“It’s all spelled out in the records,” she said evasively, nodding toward Reece.
“Not enough, I’m guessing,” Cooper said. “Your competitors have splashy ads in every travel and tourist publication out there. You have only a few. And the Web site is woefully out of date.”
“The logo’s really good, though,” Max observed. “Who designed it?”
“It was my idea, but Jane designed it. You know Jane. Her husband slugged you.”
Max seemed to deflate. “Oh. Guess I can’t hire her, then.”
“Max is starting his own advertising and P.R. firm,” Cooper explained. “Remington Charters will be its number- one client.”
“One of many,” Max hastened to add.
“So what do you say?” Cooper looked at her expectantly. “Want to lend us your expertise? I’ll make it worth your while.”
“Why would I want to help you?”
“Because,” Cooper said, and she could tell he relished making his final point, “if you win, you get to keep whatever we come up with. Free. It won’t be any use to us.”
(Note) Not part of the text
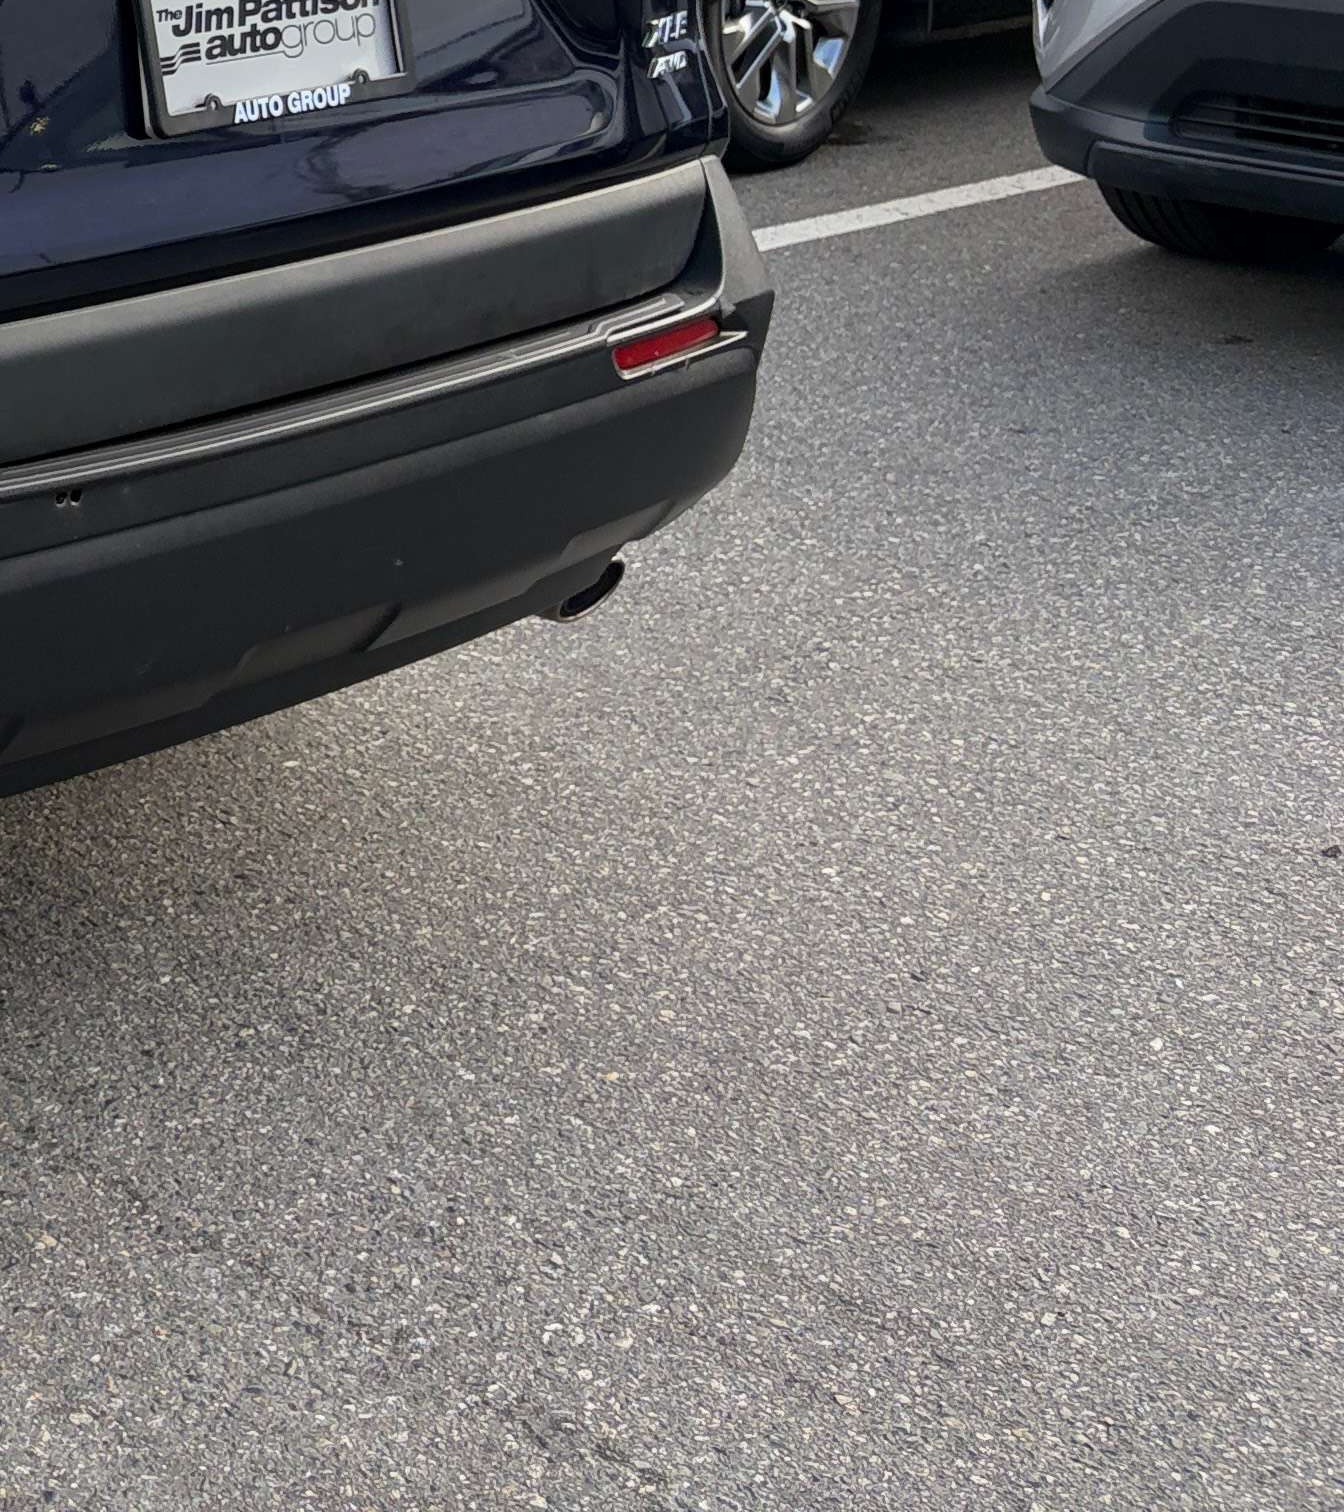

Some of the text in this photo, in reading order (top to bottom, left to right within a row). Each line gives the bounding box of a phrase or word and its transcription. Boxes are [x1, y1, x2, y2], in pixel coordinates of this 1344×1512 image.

[156, 7, 183, 23] The
[172, 3, 235, 37] Jim
[234, 84, 352, 124] AUTO GROUP
That brought her up short. She’d always wanted to do a full-blown marketing campaign, but she hadn’t known where to begin. Aside from the capital investment it would require, Johnny had been against it, anyway-he said they kept their schedule pretty full without running a lot of fancy ads.
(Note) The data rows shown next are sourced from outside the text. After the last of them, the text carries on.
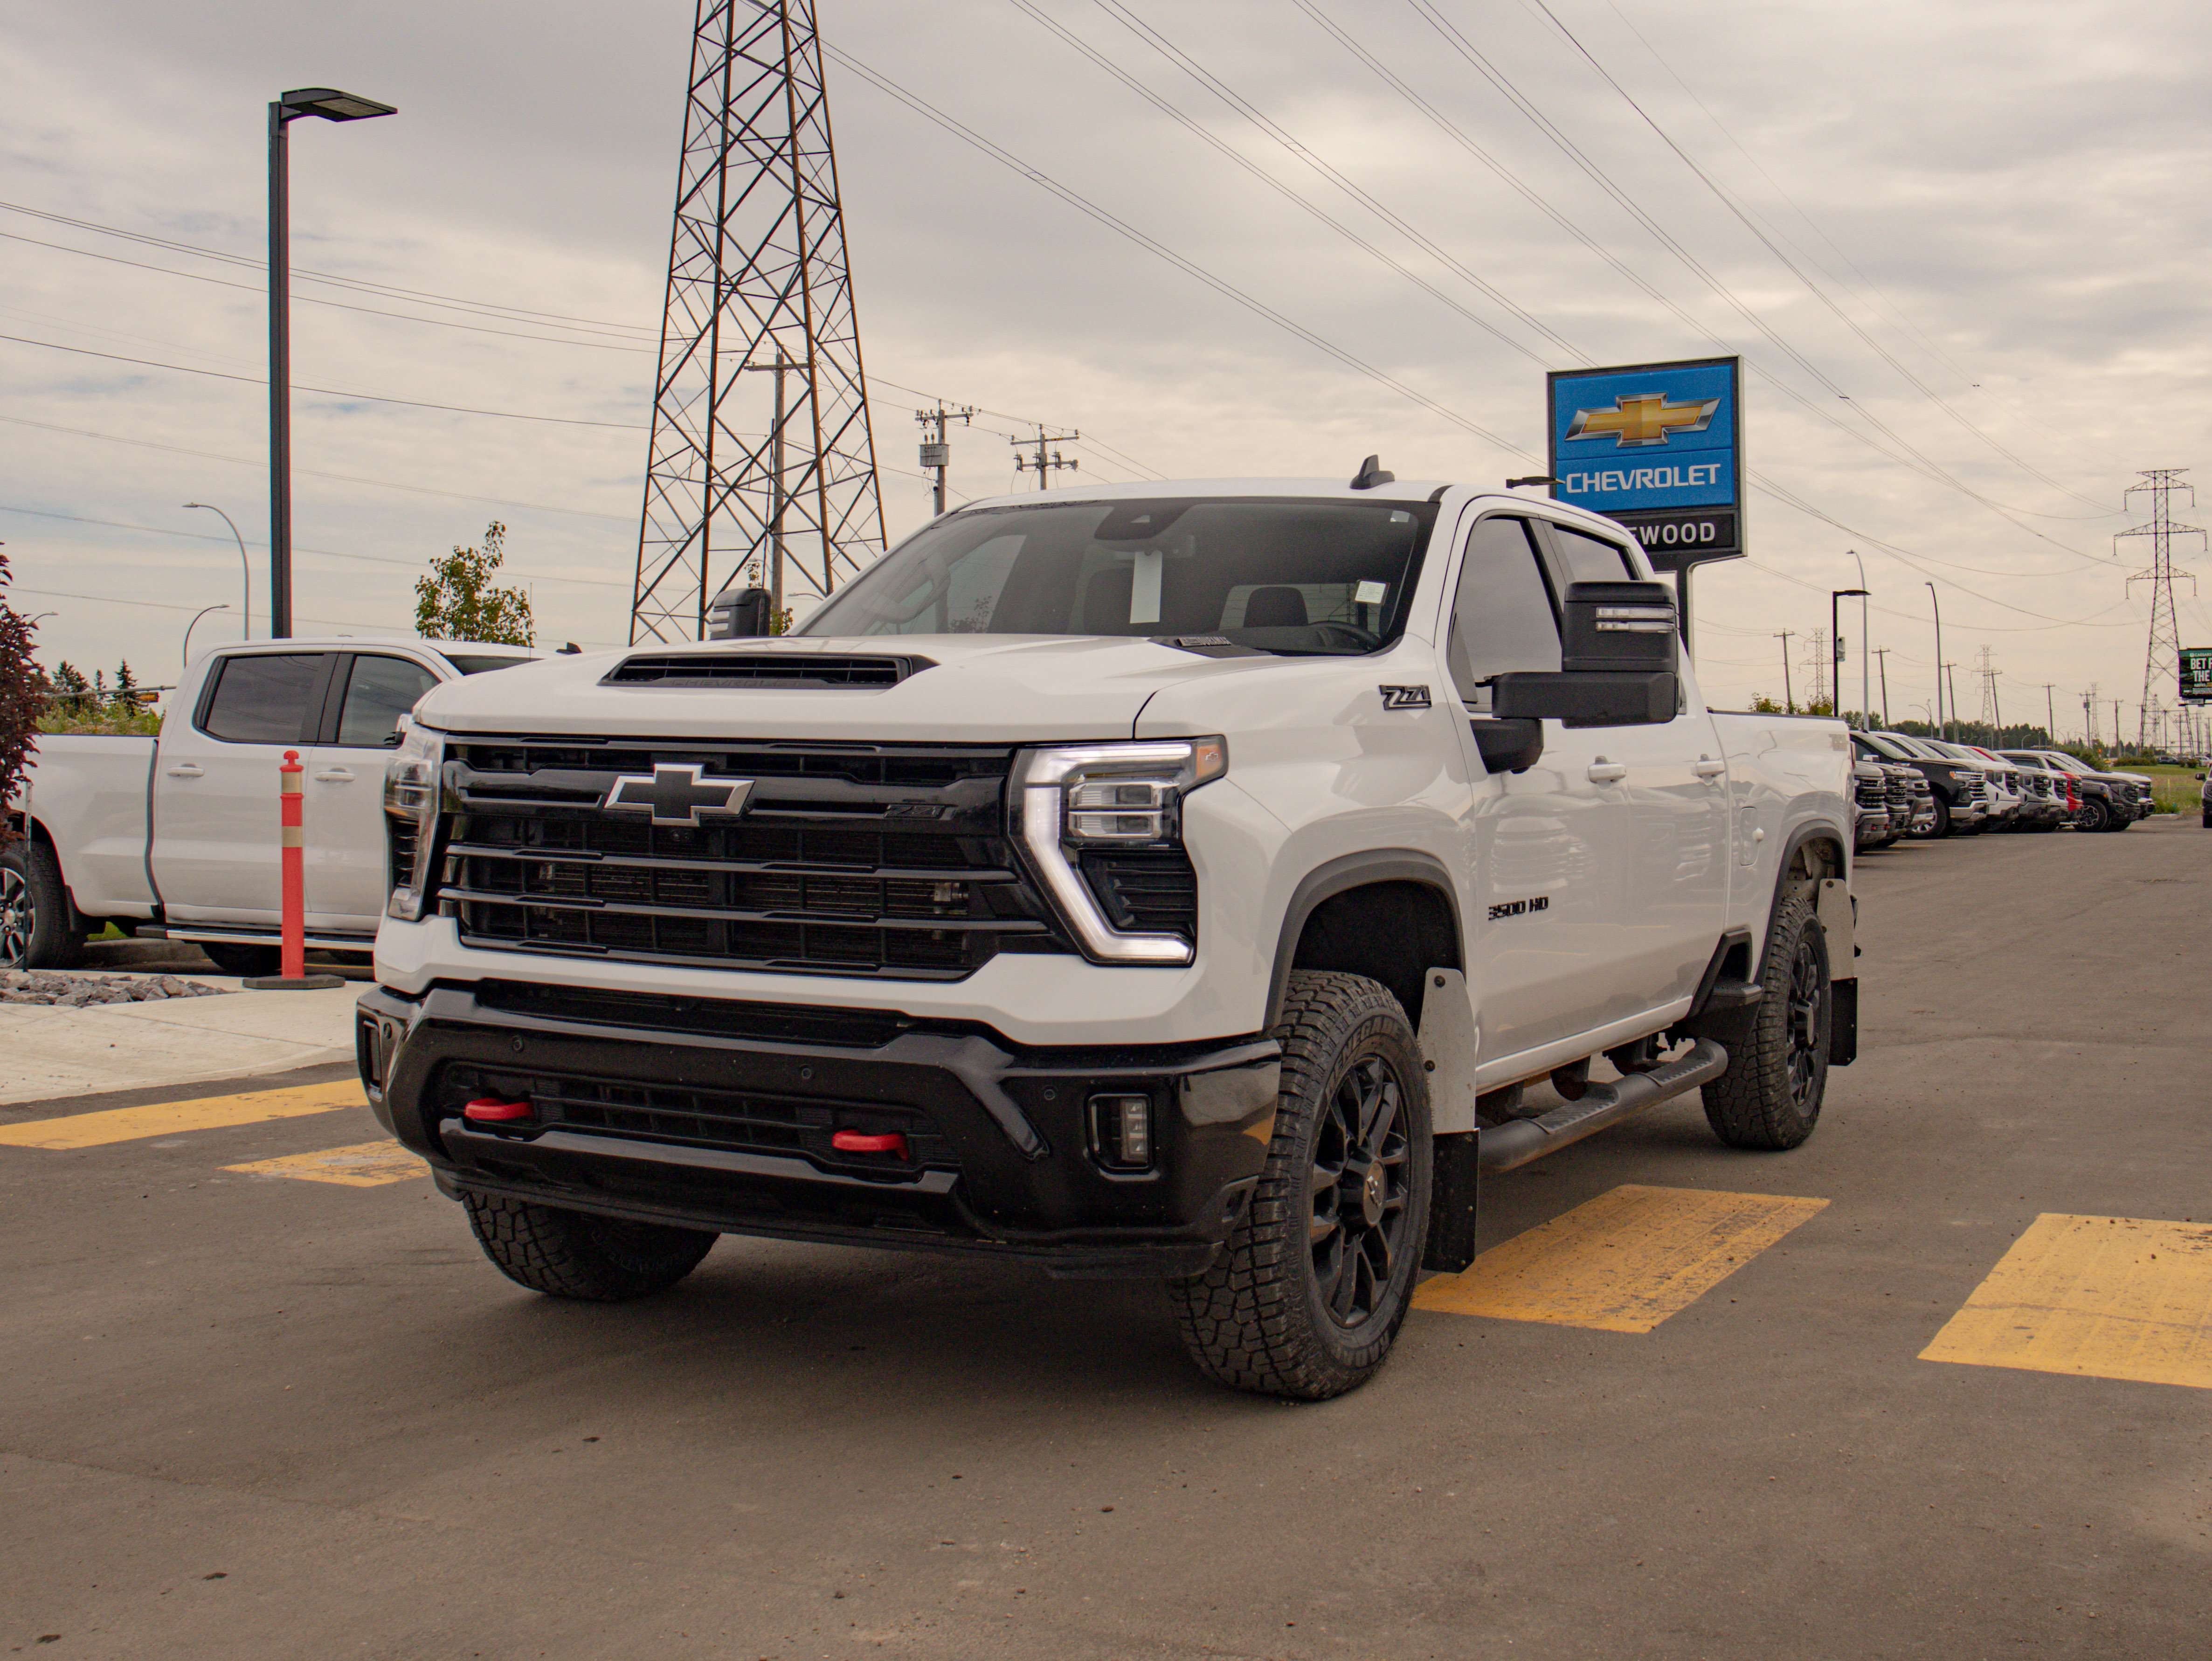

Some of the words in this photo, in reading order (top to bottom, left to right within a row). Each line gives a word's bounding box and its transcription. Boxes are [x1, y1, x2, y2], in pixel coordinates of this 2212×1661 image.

[1566, 464, 1721, 493] CHEVROLET
[2190, 658, 2207, 670] BET
[2193, 670, 2210, 682] THE
[1379, 685, 1432, 710] Z71
[1488, 900, 1526, 920] 3500
[1529, 896, 1548, 913] HD
But if these Ivy League-educated Remington boys could come up with ways to increase profits without alienating their longtime customers…she’d be a fool not to benefit from their expertise in areas where she had none.
“How much are you willing to pay me?” she asked.
“Whatever you’d make as a deckhand, plus twenty-five percent.”
“You don’t know what I make as a deckhand,” she pointed out.
“See, that’s one of the reasons we need you. We may need to hire on some help, and we have no idea what sort of pay to offer them.”
It was tempting to take them for a ride, but in the end she named a figure she probably could have earned working freelance.
Cooper nodded. “Plus twenty-five percent. You there, with the calculator-what does that work out to?”
Reece looked up a bit foggily. “Huh?”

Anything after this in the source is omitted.